Anxiety about the state of the housing market—and the potential for another round of 2008 calamity—seems high.

Politico reports on Tuesday’s hearing on the Trump Administration’s proposal to revamp the housing finance system:

The U.S. hosing finance system is worse off today than it was on the cusp of the 2008 financial crisis, Republican lawmakers and Trump administration officials warned on Tuesday.

Or are the Republican posturing to advance the President’s housing finance reform proposal?

“If we do nothing, this is going to end very badly,” Mark Calabria, the Federal Housing Finance Agency director said, representing the official Trump view.

When have we heard that before?

ORGANIZED MONEY starts in 2008. The problem then, and so now, is that many things changed as a result of the implosion of the financial system but not the financial system:

The system that needed to change most did not change much at all because many of the people who knew it best and organized it had the most power and influence to shield it from change. (page 1)

We call that “money muscle.” ORGANIZED MONEY examines the deeply conservative roots, causes, sources, and influence of financial power.

More important, it details a set of encouraging trends that are converging to create a gateway to the next progressive era, but they will not come together on their own.
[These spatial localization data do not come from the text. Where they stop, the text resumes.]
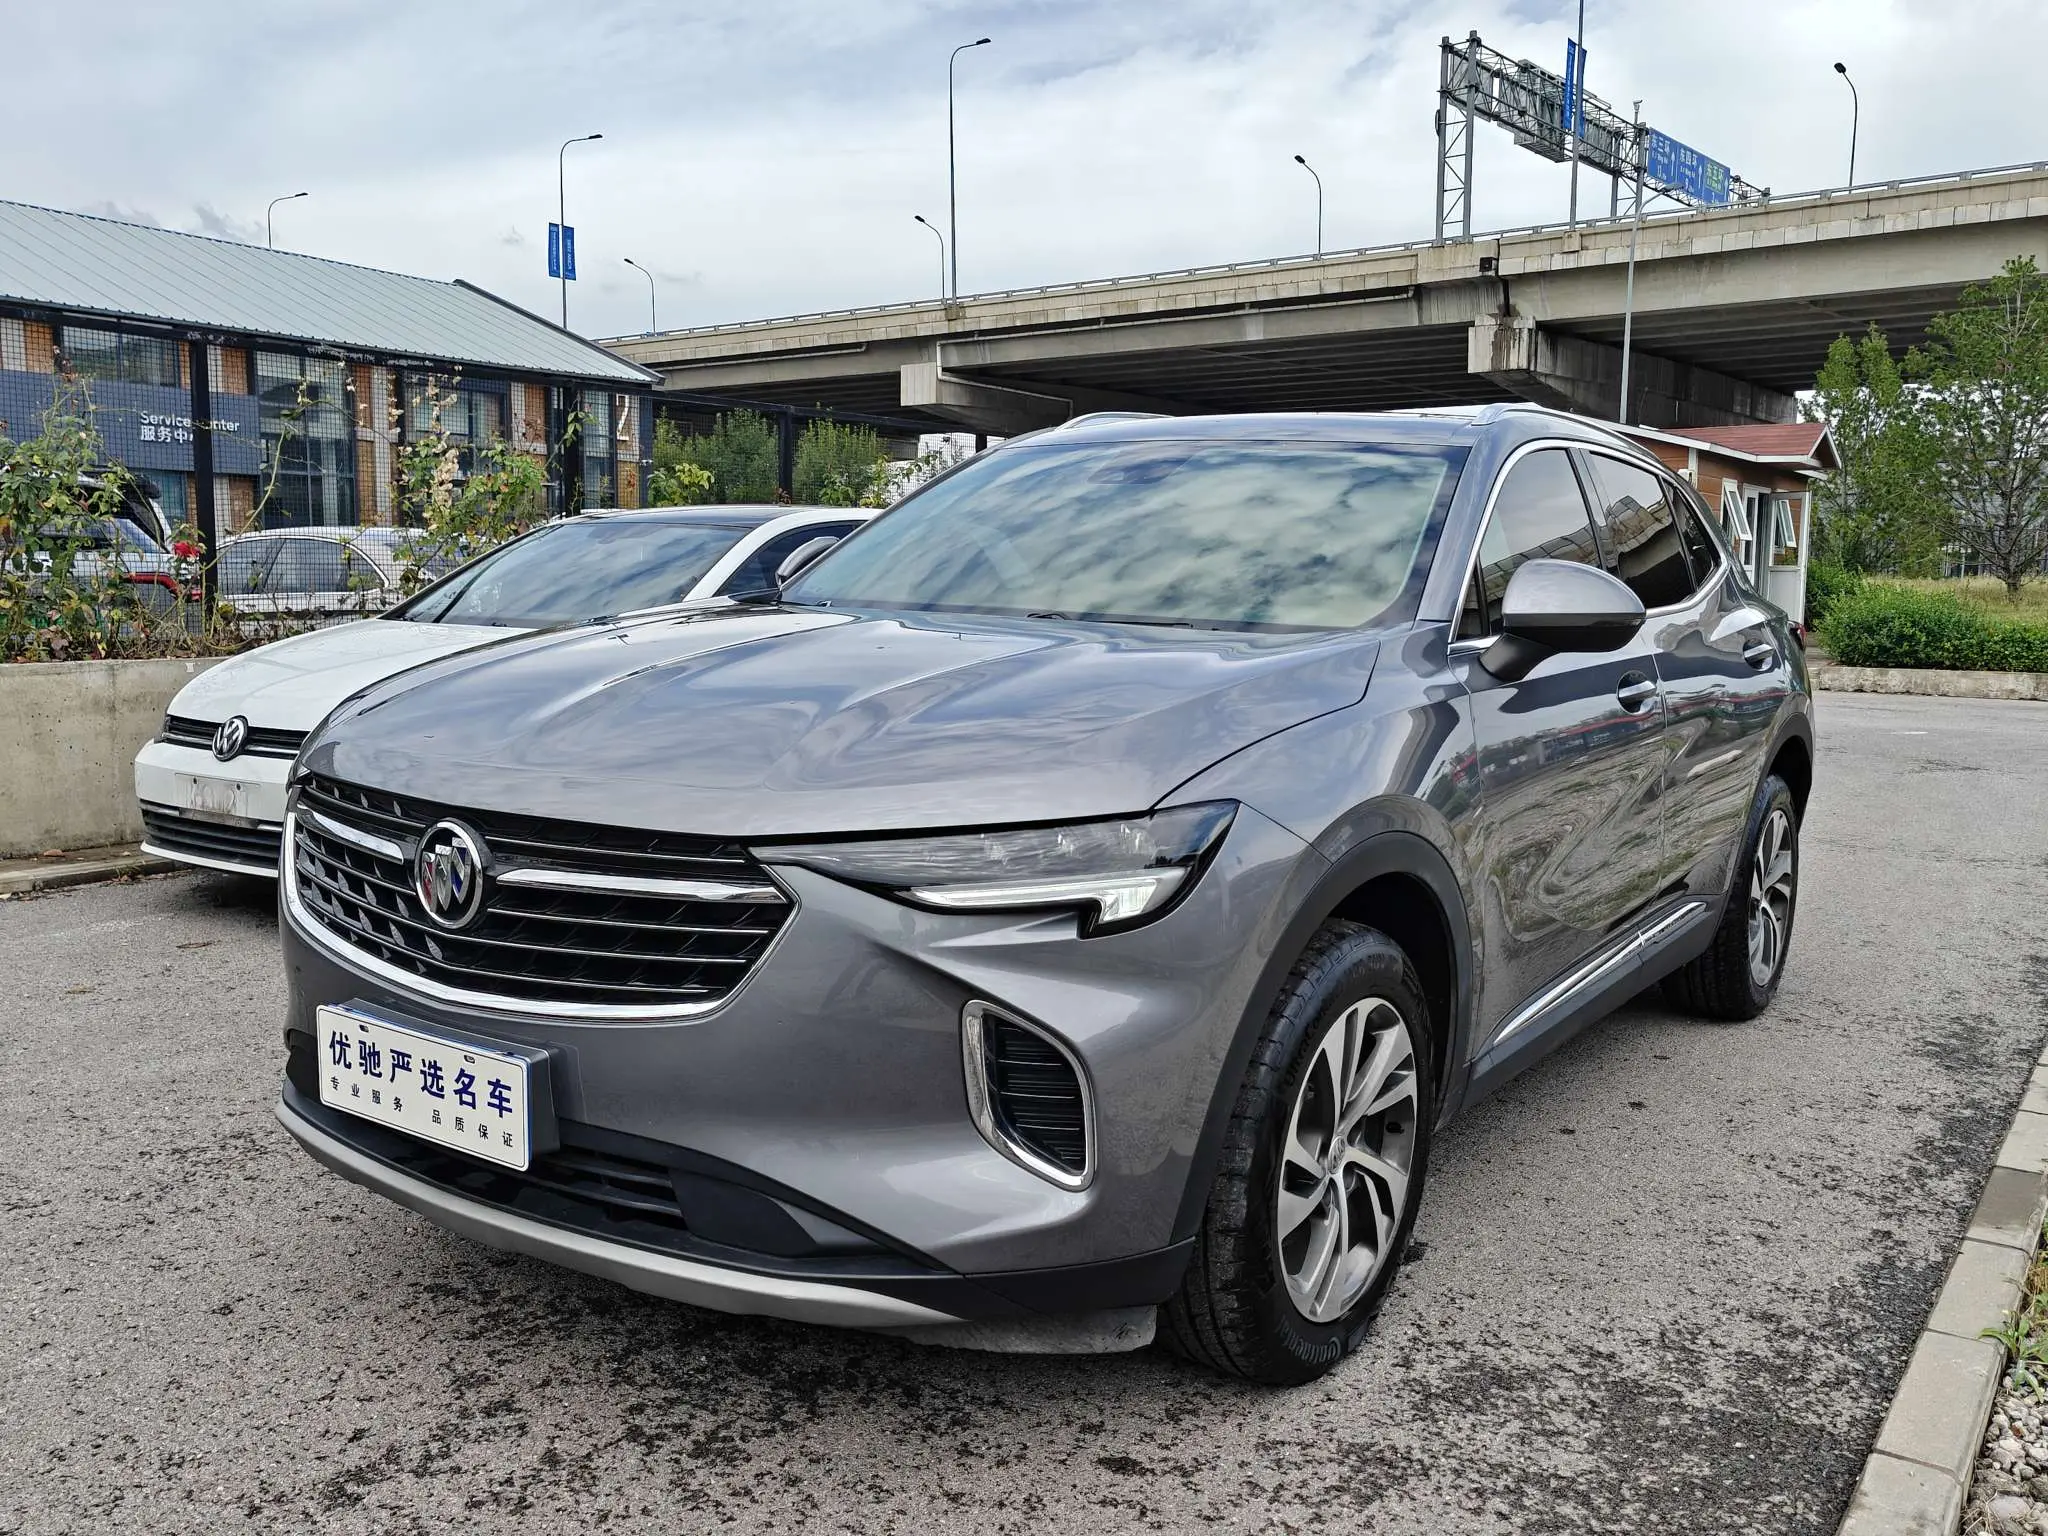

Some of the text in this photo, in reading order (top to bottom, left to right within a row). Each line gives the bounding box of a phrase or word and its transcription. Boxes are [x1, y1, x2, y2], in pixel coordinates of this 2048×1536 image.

[140, 410, 192, 428] Service
[140, 425, 193, 444] 服务中
[328, 1030, 514, 1119] 优驰严选名车
[330, 1075, 514, 1149] 专业服务 品质保证
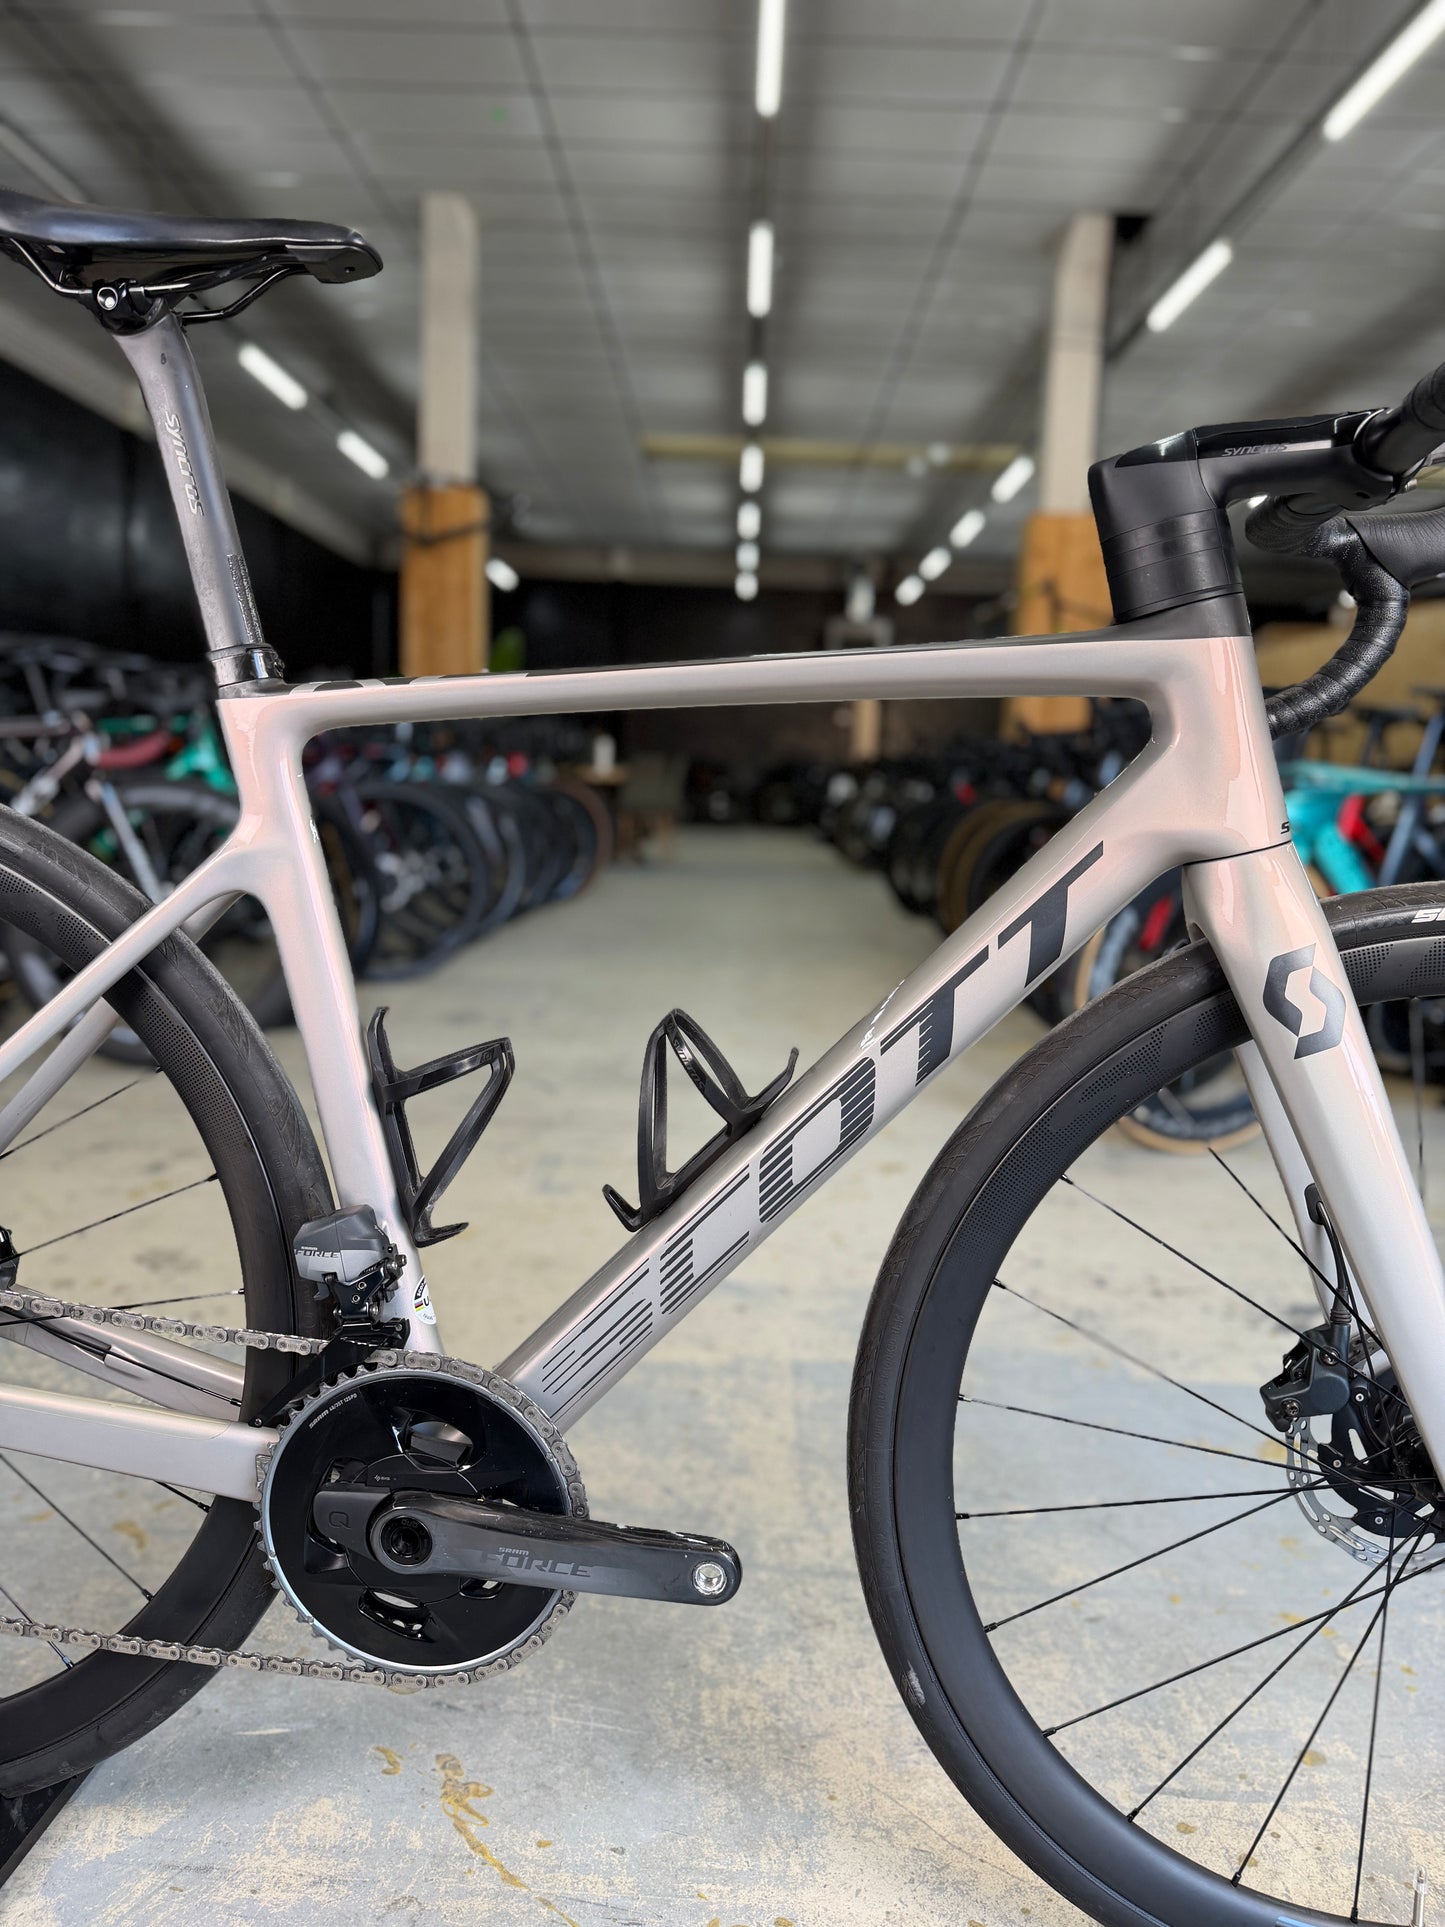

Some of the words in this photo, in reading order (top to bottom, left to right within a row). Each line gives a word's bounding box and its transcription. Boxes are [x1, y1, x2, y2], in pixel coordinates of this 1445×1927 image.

Progressives must see the potential to make themselves indispensable to the financial system (and therefore powerful) and take action to achieve that potential. (page 14)

The housing finance market needs to change—in structural and systemic ways. In the current environment, with all power in the hands of mainstream financial institutions, it will change for the worse—less benefit to society and particularly low-income and middle-income home buyers.

Unless and until progressives gain sway in the housing finance market, progressive housing strategies will languish.